→ **GOAL OF THE EXERCISE**: The response must match the data below exactly, line for line.

→ **WORKING DATA**:
<<<<

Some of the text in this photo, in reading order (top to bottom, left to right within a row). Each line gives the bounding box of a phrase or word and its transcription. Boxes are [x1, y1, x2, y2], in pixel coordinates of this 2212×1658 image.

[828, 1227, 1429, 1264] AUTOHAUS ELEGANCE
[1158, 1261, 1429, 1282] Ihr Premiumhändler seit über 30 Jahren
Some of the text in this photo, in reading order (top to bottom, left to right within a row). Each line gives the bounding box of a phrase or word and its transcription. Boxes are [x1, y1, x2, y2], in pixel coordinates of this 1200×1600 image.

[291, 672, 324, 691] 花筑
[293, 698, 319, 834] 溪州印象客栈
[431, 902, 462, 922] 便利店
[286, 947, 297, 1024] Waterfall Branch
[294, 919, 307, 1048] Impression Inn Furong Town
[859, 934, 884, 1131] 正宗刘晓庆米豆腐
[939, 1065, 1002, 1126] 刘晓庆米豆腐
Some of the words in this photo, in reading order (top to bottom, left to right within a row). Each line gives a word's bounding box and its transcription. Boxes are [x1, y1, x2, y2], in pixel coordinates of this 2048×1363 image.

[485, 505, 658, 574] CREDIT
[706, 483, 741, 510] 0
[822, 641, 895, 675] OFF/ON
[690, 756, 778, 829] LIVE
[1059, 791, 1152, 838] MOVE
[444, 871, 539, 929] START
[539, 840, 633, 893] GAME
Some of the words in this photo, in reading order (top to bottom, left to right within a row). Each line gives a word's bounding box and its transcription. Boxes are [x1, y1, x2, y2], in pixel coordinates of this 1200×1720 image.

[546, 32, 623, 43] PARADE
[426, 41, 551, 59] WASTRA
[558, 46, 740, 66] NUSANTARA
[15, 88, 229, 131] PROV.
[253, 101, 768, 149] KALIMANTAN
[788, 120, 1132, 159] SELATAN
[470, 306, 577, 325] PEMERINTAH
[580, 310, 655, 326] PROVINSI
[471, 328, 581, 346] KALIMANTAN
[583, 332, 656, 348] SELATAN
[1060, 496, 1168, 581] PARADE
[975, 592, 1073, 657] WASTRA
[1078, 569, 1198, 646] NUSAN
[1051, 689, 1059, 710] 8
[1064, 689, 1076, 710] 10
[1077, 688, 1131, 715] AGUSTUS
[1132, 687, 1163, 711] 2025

>>>>

→ **OUTPUT OF THE TASK**:
Some of the text in this photo, in reading order (top to bottom, left to right within a row). Each line gives the bounding box of a phrase or word and its transcription. Boxes are [x1, y1, x2, y2], in pixel coordinates of this 2212×1658 image.

[828, 1227, 1429, 1264] AUTOHAUS ELEGANCE
[1158, 1261, 1429, 1282] Ihr Premiumhändler seit über 30 Jahren
Some of the text in this photo, in reading order (top to bottom, left to right within a row). Each line gives the bounding box of a phrase or word and its transcription. Boxes are [x1, y1, x2, y2], in pixel coordinates of this 1200×1600 image.

[291, 672, 324, 691] 花筑
[293, 698, 319, 834] 溪州印象客栈
[431, 902, 462, 922] 便利店
[286, 947, 297, 1024] Waterfall Branch
[294, 919, 307, 1048] Impression Inn Furong Town
[859, 934, 884, 1131] 正宗刘晓庆米豆腐
[939, 1065, 1002, 1126] 刘晓庆米豆腐
Some of the words in this photo, in reading order (top to bottom, left to right within a row). Each line gives a word's bounding box and its transcription. Boxes are [x1, y1, x2, y2], in pixel coordinates of this 2048×1363 image.

[485, 505, 658, 574] CREDIT
[706, 483, 741, 510] 0
[822, 641, 895, 675] OFF/ON
[690, 756, 778, 829] LIVE
[1059, 791, 1152, 838] MOVE
[444, 871, 539, 929] START
[539, 840, 633, 893] GAME
Some of the words in this photo, in reading order (top to bottom, left to right within a row). Each line gives a word's bounding box and its transcription. Boxes are [x1, y1, x2, y2], in pixel coordinates of this 1200×1720 image.

[546, 32, 623, 43] PARADE
[426, 41, 551, 59] WASTRA
[558, 46, 740, 66] NUSANTARA
[15, 88, 229, 131] PROV.
[253, 101, 768, 149] KALIMANTAN
[788, 120, 1132, 159] SELATAN
[470, 306, 577, 325] PEMERINTAH
[580, 310, 655, 326] PROVINSI
[471, 328, 581, 346] KALIMANTAN
[583, 332, 656, 348] SELATAN
[1060, 496, 1168, 581] PARADE
[975, 592, 1073, 657] WASTRA
[1078, 569, 1198, 646] NUSAN
[1051, 689, 1059, 710] 8
[1064, 689, 1076, 710] 10
[1077, 688, 1131, 715] AGUSTUS
[1132, 687, 1163, 711] 2025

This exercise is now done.